Along with spring and summer storms comes the need for precautionary measures to protect the people and equipment at job sites. With the right plan, your job site will remain safe, no matter what kind of weather comes your way.
Have a Severe Weather Plan Prepared
Before a severe storm hits, it’s vital to have a severe weather plan in place. In fact, OSHA requires that you have one. That means having a clearly marked storm refuge, taking a head count, and keeping easily accessible medical and other emergency supplies on-site.
Workers should also be trained how to react during severe weather:
- Stay out of trenches and off scaffolds or other unsafe areas.
- Remove and secure debris and other materials that could become airborne.

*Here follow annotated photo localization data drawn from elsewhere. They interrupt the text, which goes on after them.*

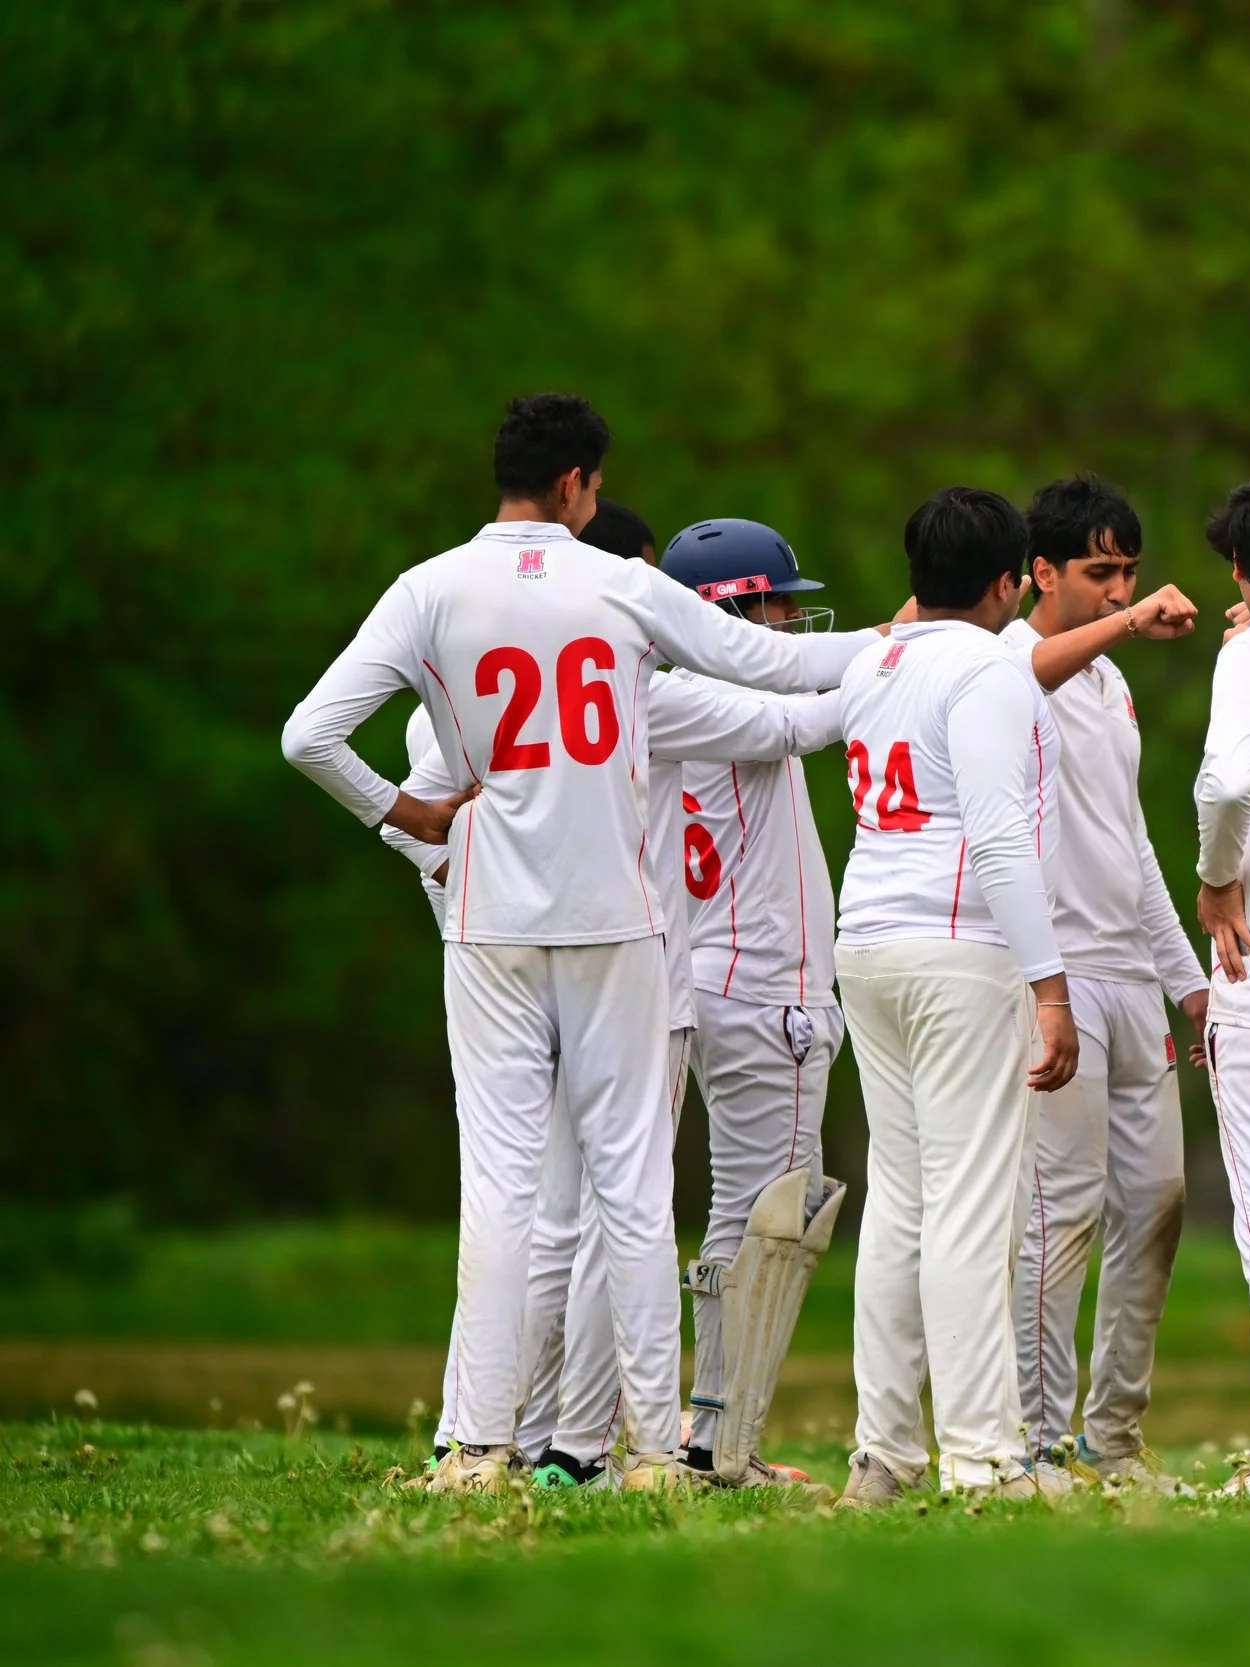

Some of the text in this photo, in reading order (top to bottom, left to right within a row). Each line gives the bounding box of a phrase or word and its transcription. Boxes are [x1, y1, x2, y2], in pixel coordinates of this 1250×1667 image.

[517, 549, 546, 573] H
[517, 571, 547, 580] CRICKET
[716, 582, 738, 595] GM
[475, 636, 621, 771] 26
[845, 739, 933, 832] 24
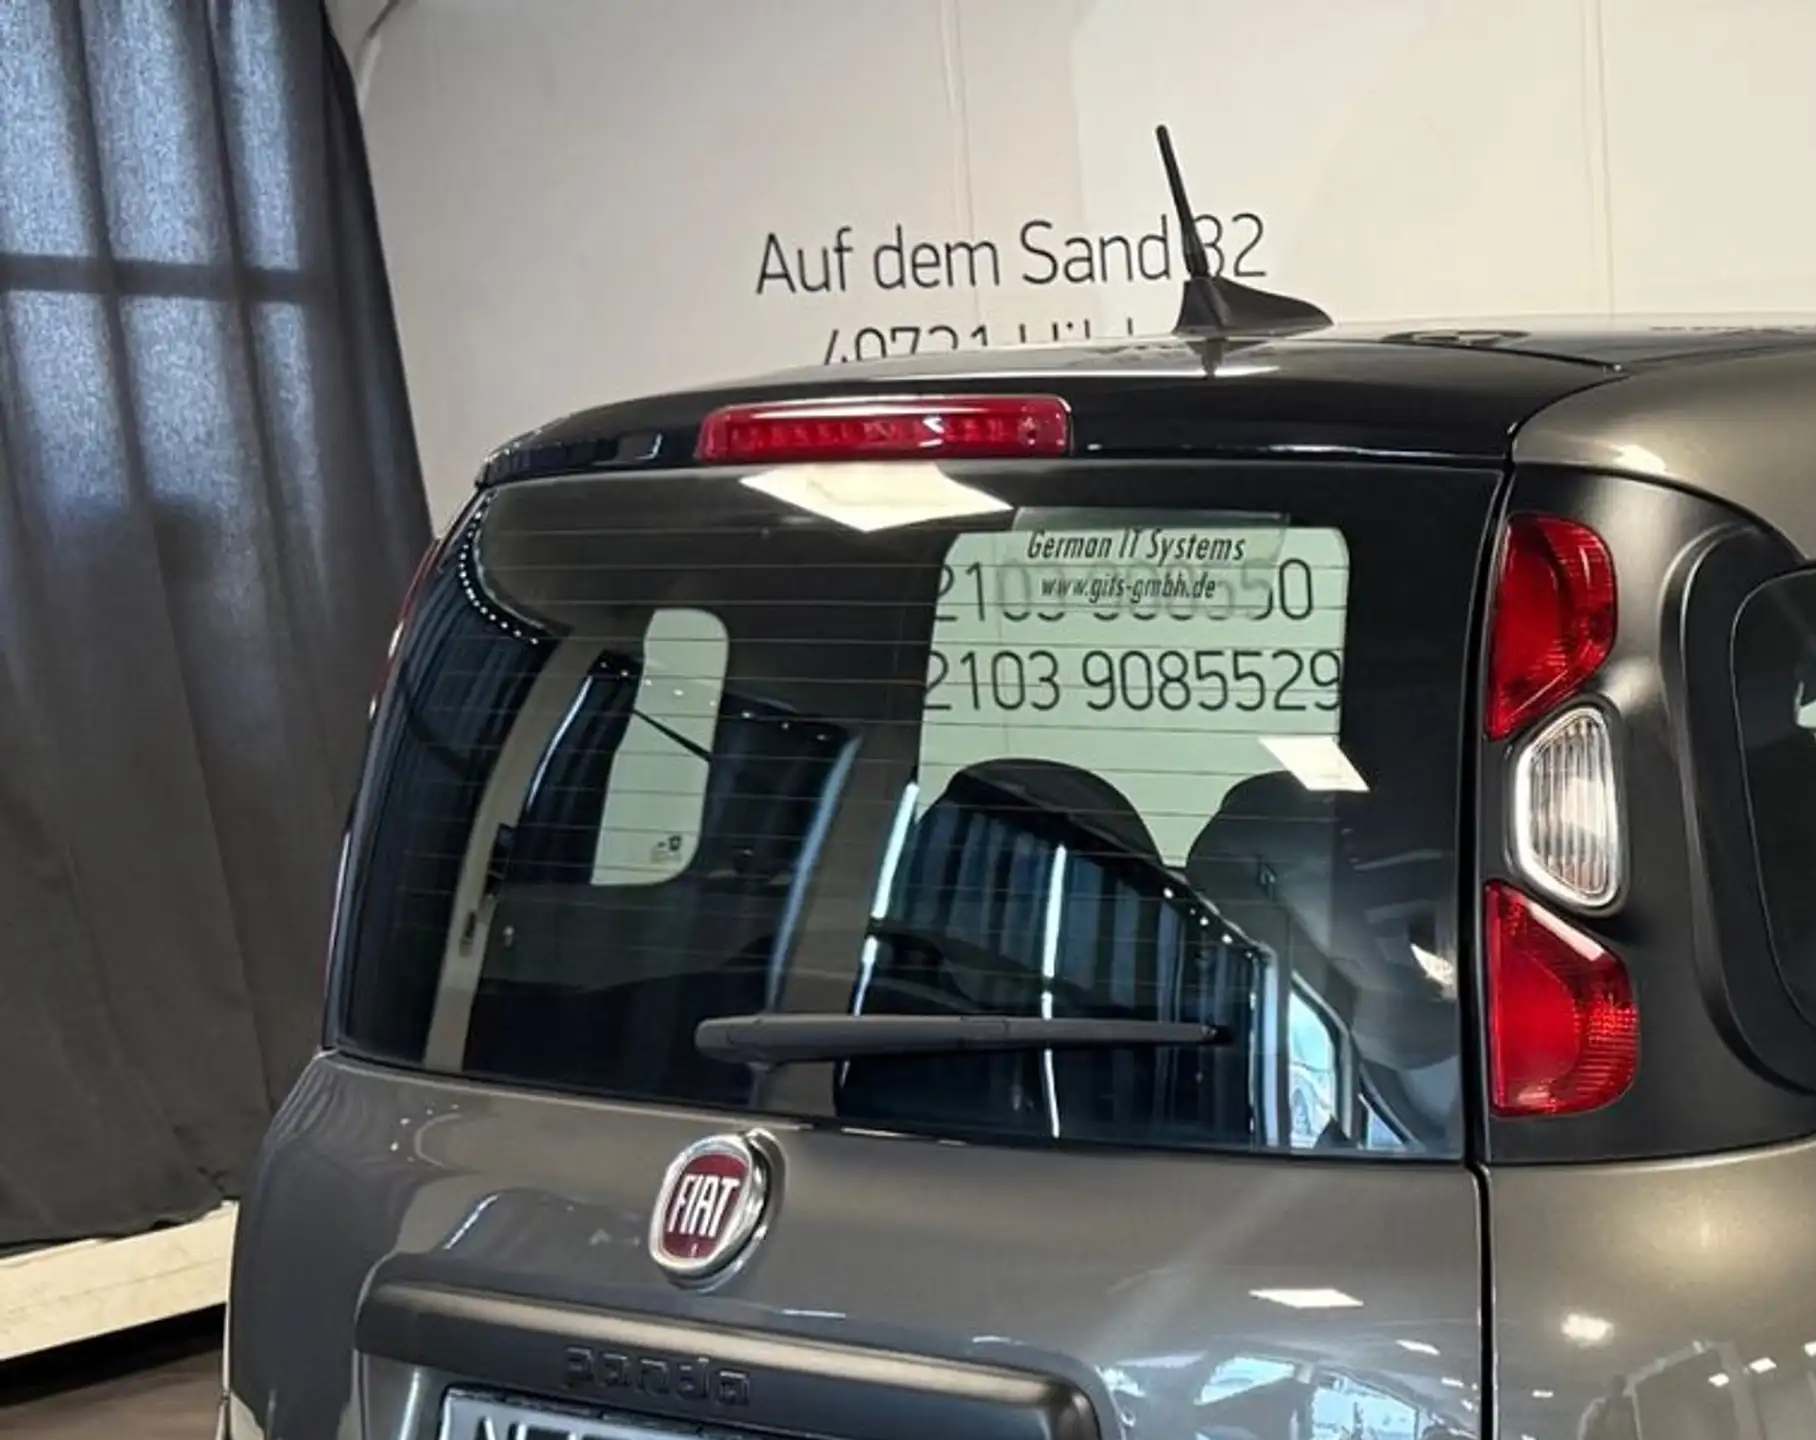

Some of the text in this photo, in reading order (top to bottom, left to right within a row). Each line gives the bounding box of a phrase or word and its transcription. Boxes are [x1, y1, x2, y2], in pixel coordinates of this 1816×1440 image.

- Calmly go to pre-approved shelters.
It’s also recommended to take pictures of the job site before and after a severe storm hits to help keep track of what progress was made and any damage that may have occurred. That way, you will be able to accurately assess any damage for insurance purposes. Be sure to evaluate the job site for safety before allowing workers back to work.
Keep an Eye on the Weather
It may seem like simple advice, but keeping an eye on the weather is one of the first steps in keeping your employees and job site safe. That way, you will be aware of impending weather and can prepare accordingly. Be sure to go over the plan at the beginning of the work day if severe weather is possible.
Most mobile phones today are Wireless Emergency Alert (WEA) enabled, which will add another layer of preparedness to job sites. Also investing in a portable weather alarm system will help notify workers of an approaching storm. Make sure that it is loud enough for them to hear and train them to recognize the sound.
Secure Equipment & Materials
Properly storing and securing job site equipment and materials will prevent unnecessary losses. Outdoor equipment shelters are a quick and convenient way to protect equipment and supplies from the elements. That way, you don’t have to worry about replacing valuable resources. Indoor equipment enclosures can also be used to secure valuable equipment in the event of an evacuation. That way, they are not damaged or stolen.